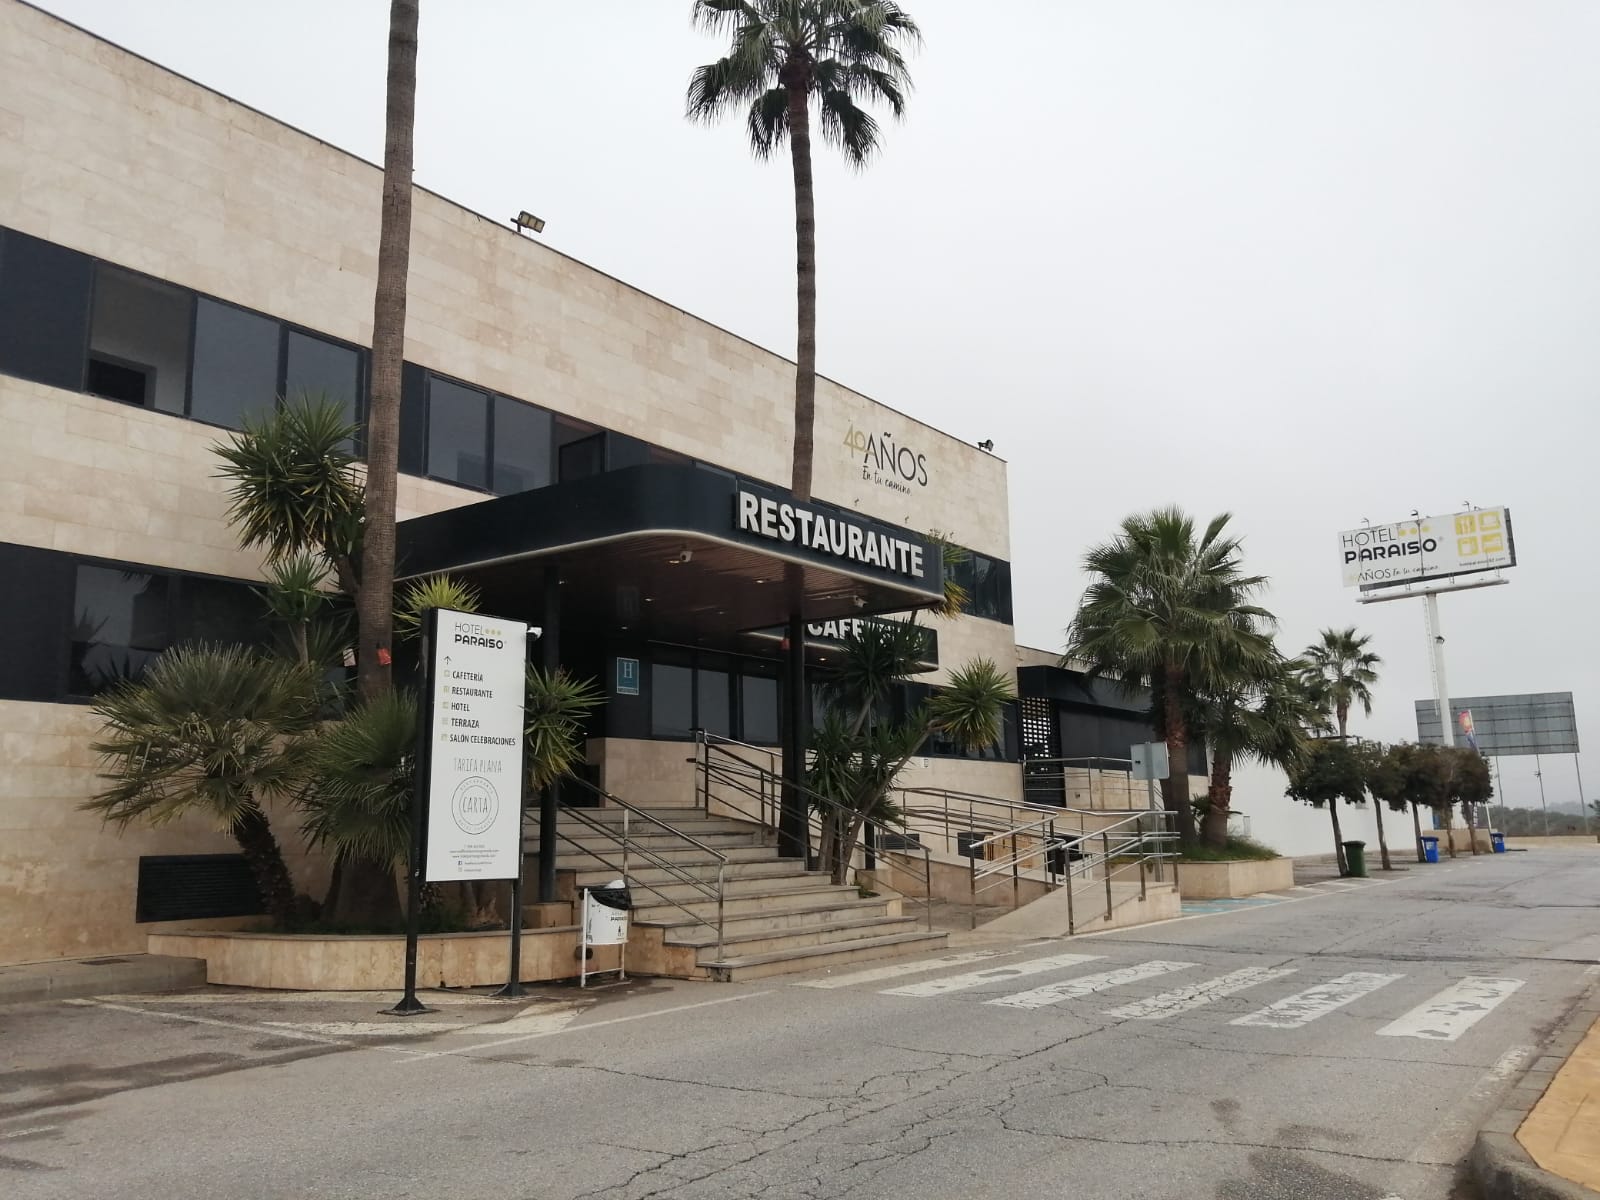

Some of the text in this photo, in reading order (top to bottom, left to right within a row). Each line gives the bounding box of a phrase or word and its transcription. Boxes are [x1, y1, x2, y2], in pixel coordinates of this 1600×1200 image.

[864, 432, 927, 486] AÑOS
[863, 466, 871, 480] En
[874, 470, 882, 485] tu
[739, 491, 924, 578] RESTAURANTE
[1343, 528, 1397, 548] HOTEL
[1345, 539, 1437, 564] PARAISO
[1358, 568, 1391, 583] AÑOS
[454, 622, 484, 636] HOTEL
[454, 634, 504, 649] PARAISO
[452, 670, 484, 682] CAFETERÍA
[451, 686, 493, 699] RESTAURANTE
[451, 702, 471, 712] HOTEL
[450, 718, 480, 729] TERRAZA
[470, 735, 516, 746] CELEBRACIONES
[462, 797, 488, 814] CARTA
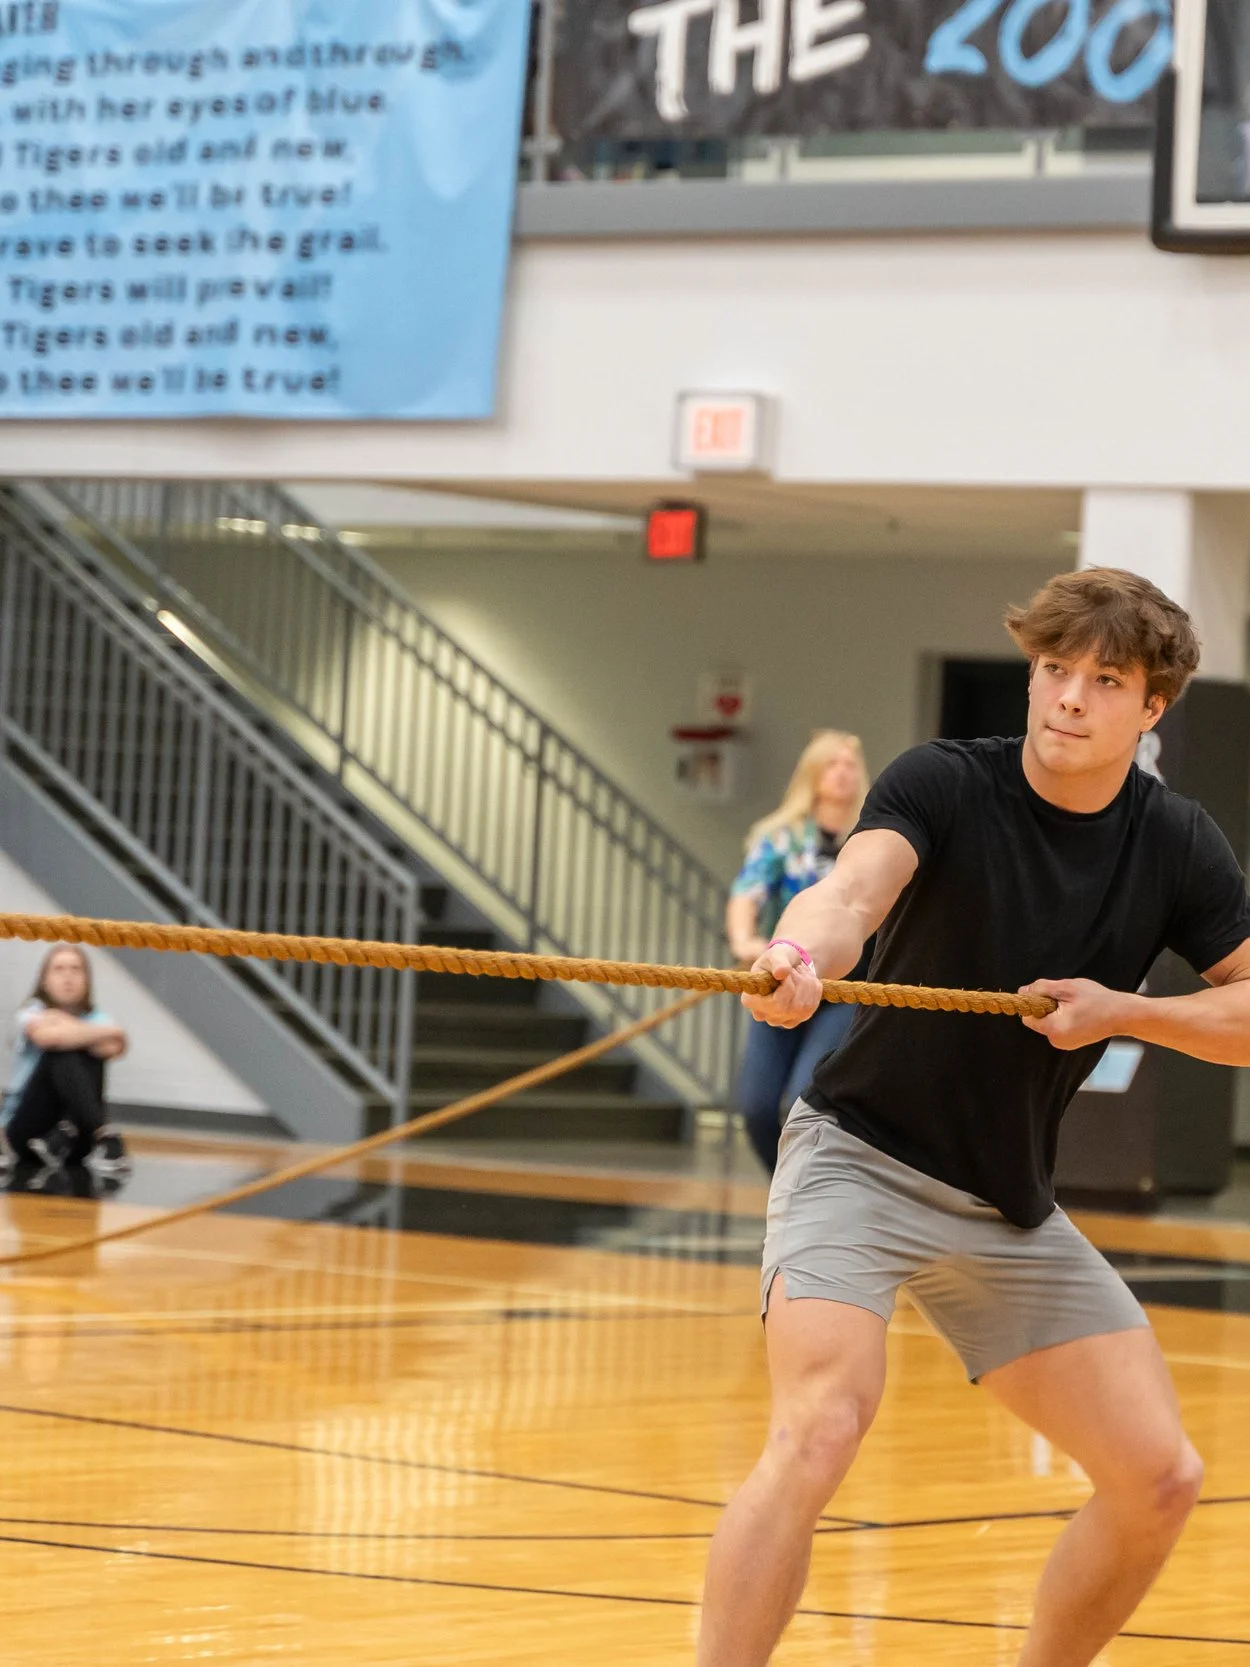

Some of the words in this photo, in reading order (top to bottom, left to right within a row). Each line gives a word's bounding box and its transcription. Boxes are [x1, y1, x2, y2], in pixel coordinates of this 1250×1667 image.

[86, 46, 229, 85] through
[241, 40, 305, 71] and
[627, 0, 872, 122] THE
[12, 95, 87, 124] with
[97, 92, 154, 124] her
[166, 96, 246, 129] eyes
[253, 86, 297, 116] of
[14, 139, 122, 175] Tigers
[132, 138, 189, 167] old
[199, 132, 258, 165] and
[28, 186, 109, 214] thee
[208, 181, 247, 210] be
[85, 230, 121, 260] to
[130, 230, 217, 260] seek
[225, 222, 287, 256] the
[8, 274, 113, 311] Tigers
[125, 272, 187, 301] will
[3, 319, 109, 356] Tigers
[119, 317, 173, 346] old
[184, 315, 239, 346] and
[19, 367, 98, 396] thee
[194, 366, 229, 394] be
[243, 363, 342, 396] true!

* * * * * * * * *

▸ WHAT THIS TASK INVOLVES
One line contains "Some of the words". Return that line and every later line through the end of the listing above, exactly, and nothing else.

▸ SOLVED EXERCISE
Some of the words in this photo, in reading order (top to bottom, left to right within a row). Each line gives a word's bounding box and its transcription. Boxes are [x1, y1, x2, y2], in pixel coordinates of this 1250×1667 image.

[86, 46, 229, 85] through
[241, 40, 305, 71] and
[627, 0, 872, 122] THE
[12, 95, 87, 124] with
[97, 92, 154, 124] her
[166, 96, 246, 129] eyes
[253, 86, 297, 116] of
[14, 139, 122, 175] Tigers
[132, 138, 189, 167] old
[199, 132, 258, 165] and
[28, 186, 109, 214] thee
[208, 181, 247, 210] be
[85, 230, 121, 260] to
[130, 230, 217, 260] seek
[225, 222, 287, 256] the
[8, 274, 113, 311] Tigers
[125, 272, 187, 301] will
[3, 319, 109, 356] Tigers
[119, 317, 173, 346] old
[184, 315, 239, 346] and
[19, 367, 98, 396] thee
[194, 366, 229, 394] be
[243, 363, 342, 396] true!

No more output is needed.